Tag Archives: guide

WCAG – Quick Facts and Guide – Hurix Digital

This is how WCAG guidelines help.

The standard Web Content Accessibility Guidelines (version – WCAG 2.0) is a set of rules that defines how to make web or online content more accessible, especially to people who are differently-abled. ‘Accessibility’ here could involve a wide range of limitations, including visual, auditory, physical, speech, cognitive, language, learning, and neurological.

What is it?

The Web Content Accessibility Guidelines (WCAG) are part of a series of web accessibility guidelines

Who is it by?

It is published by the Web Accessibility Initiative (WAI) of the World Wide Web Consortium (W3C)

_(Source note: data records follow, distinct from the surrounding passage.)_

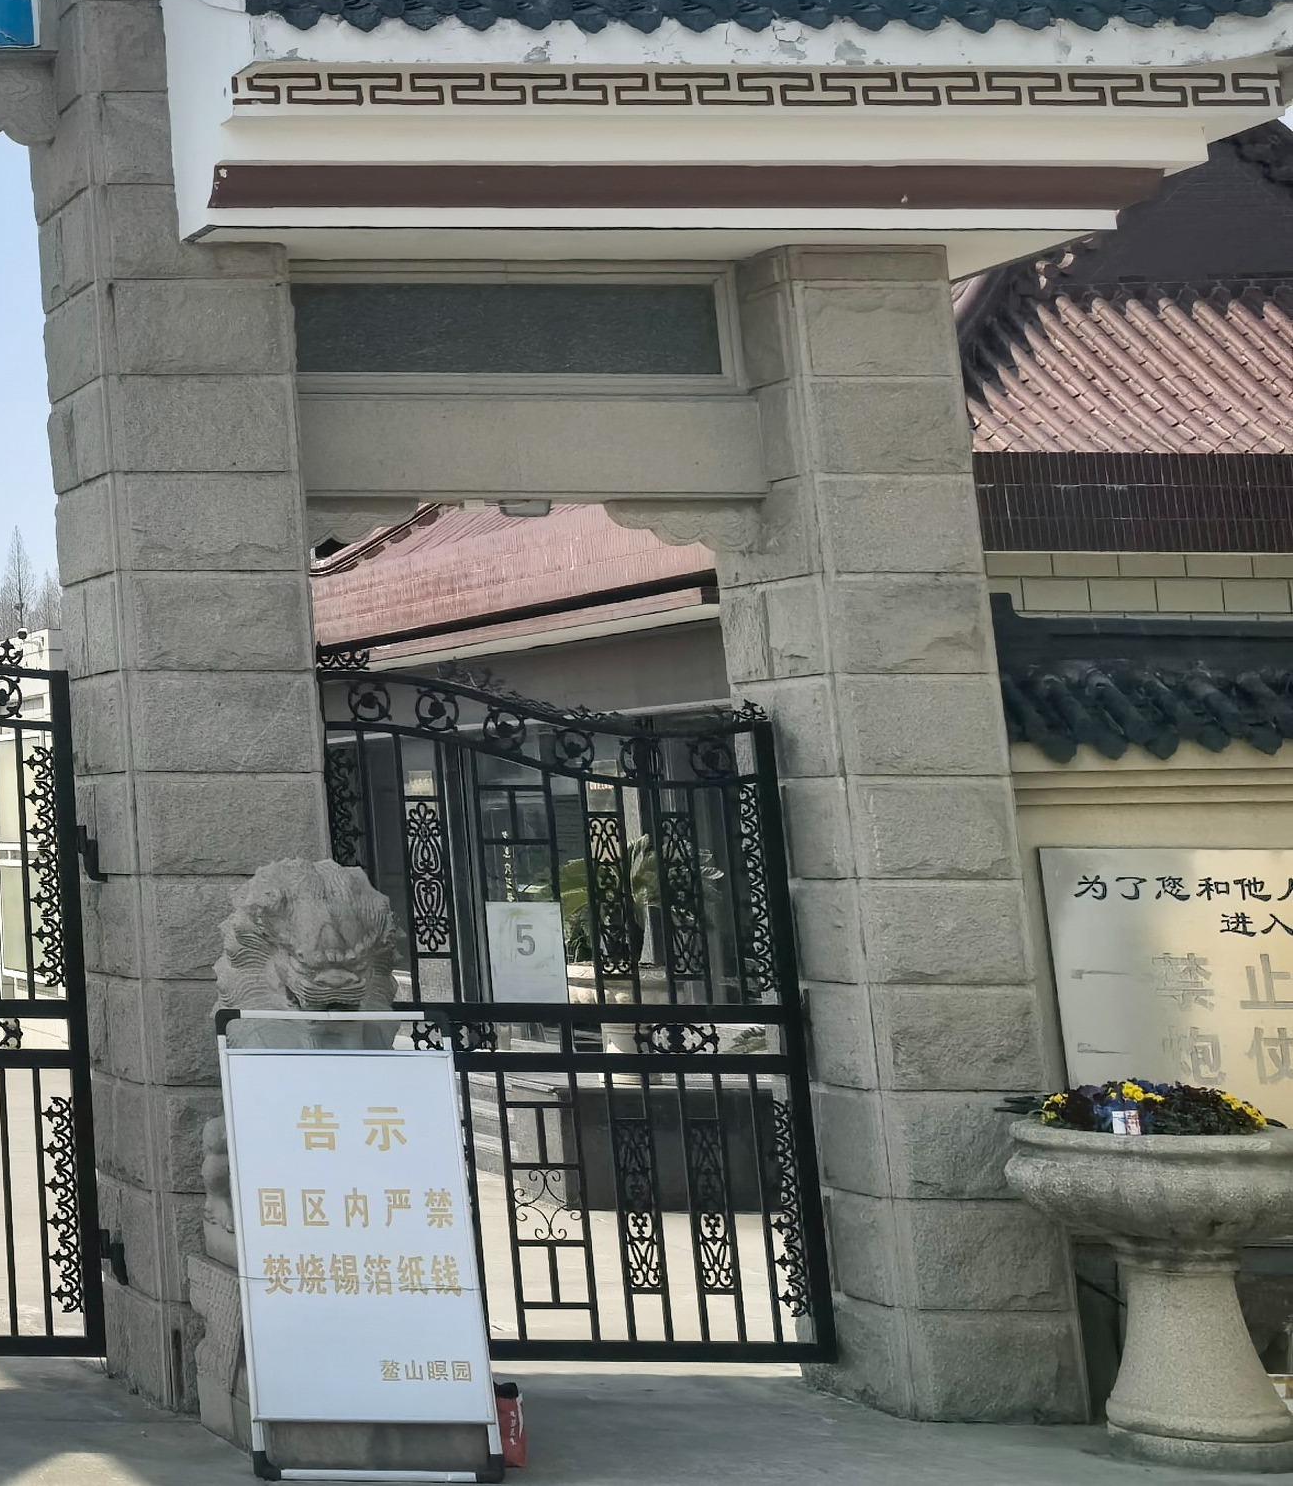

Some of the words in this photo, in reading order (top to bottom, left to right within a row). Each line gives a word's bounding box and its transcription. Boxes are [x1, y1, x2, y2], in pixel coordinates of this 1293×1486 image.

[516, 924, 536, 956] 5
[1219, 912, 1293, 938] 进入
[297, 1105, 407, 1151] 告示
[258, 1187, 454, 1228] 园区内严禁
[263, 1254, 462, 1297] 焚烧锡箔纸钱
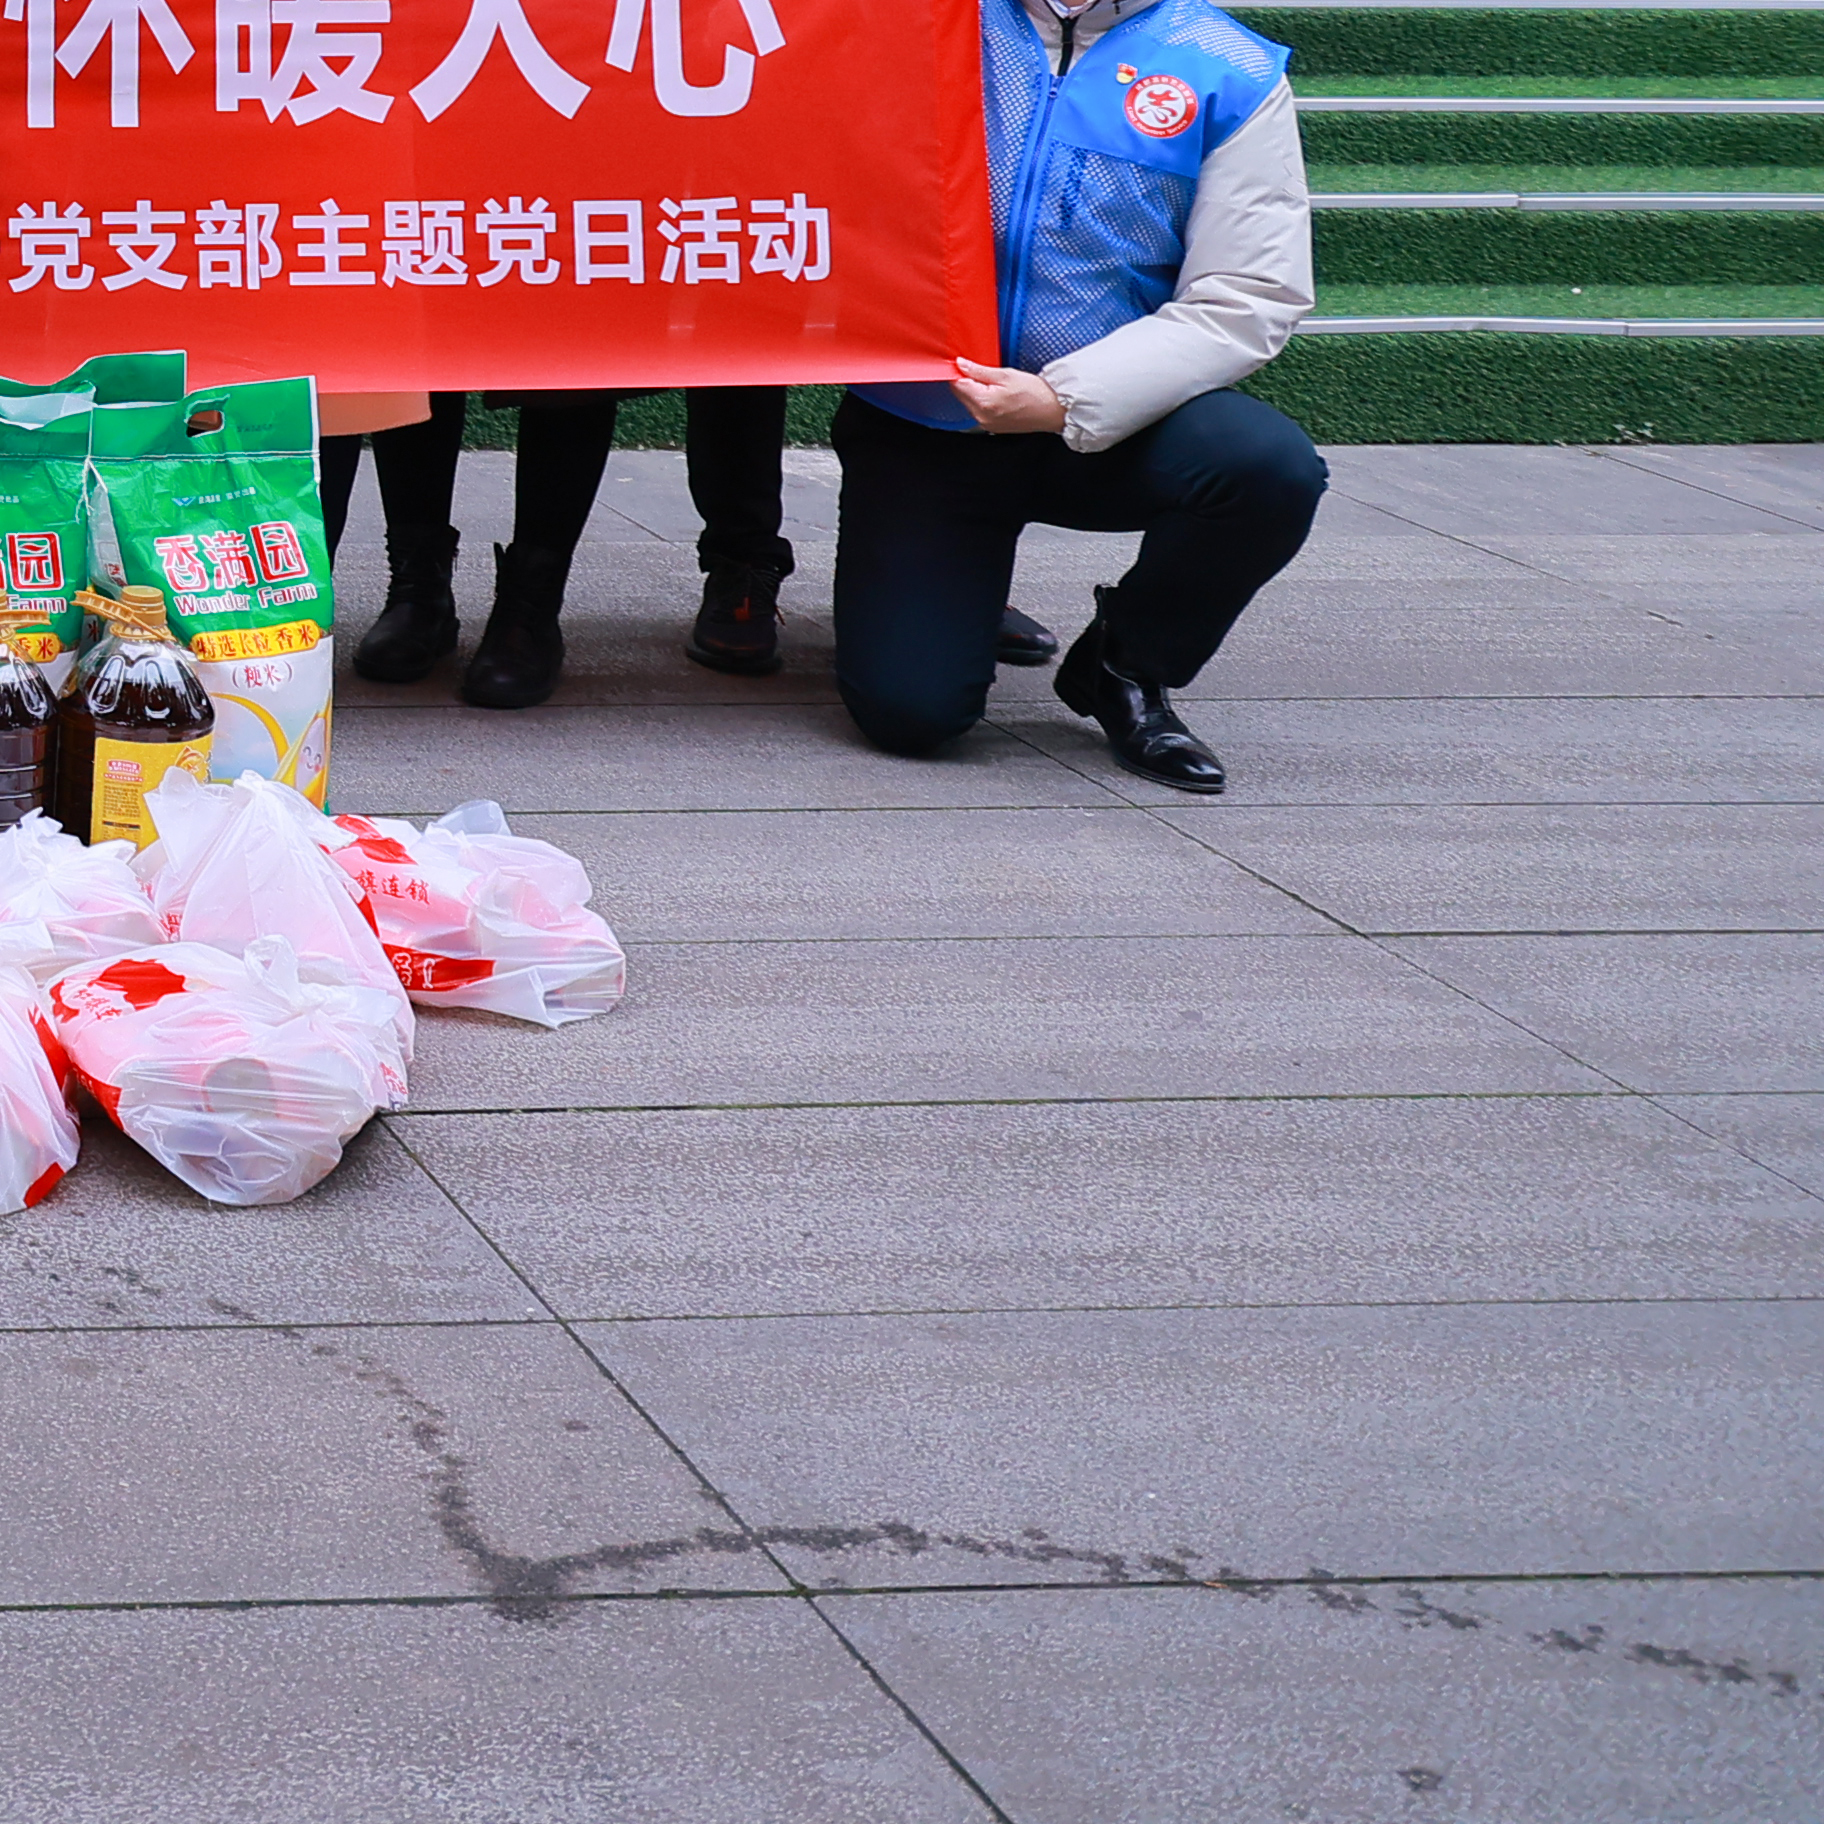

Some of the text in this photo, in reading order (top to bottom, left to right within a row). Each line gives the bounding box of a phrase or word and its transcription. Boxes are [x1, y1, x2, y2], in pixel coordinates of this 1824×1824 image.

In short: These guidelines form the main international standards organization when it comes to the matter of content for the Internet.

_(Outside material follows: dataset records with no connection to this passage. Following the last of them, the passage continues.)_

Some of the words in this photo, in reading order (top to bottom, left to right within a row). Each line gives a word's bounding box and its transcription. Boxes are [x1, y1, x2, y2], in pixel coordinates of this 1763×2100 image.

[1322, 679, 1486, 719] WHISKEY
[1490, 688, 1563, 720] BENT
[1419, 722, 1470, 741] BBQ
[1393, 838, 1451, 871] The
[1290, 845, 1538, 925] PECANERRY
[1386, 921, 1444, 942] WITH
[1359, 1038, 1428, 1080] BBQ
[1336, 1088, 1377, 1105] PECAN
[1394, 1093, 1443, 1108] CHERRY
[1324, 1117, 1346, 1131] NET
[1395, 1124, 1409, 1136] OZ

Why is it pertinent to follow WCAG guidelines?

Implementation of the WCAG guidelines helps maintain a standard quality of online content that is inclusive and serves the interest of readers with different kinds of special needs. Making a particular brand’s online content WCAG-friendly is required to showcase that you have an ‘inclusive mindset’ as a brand.

Some industries may benefit more by following WCAG norms. Those in e-tail / FMCG / e-learning might experience an increased customer base when they follow inclusive norms.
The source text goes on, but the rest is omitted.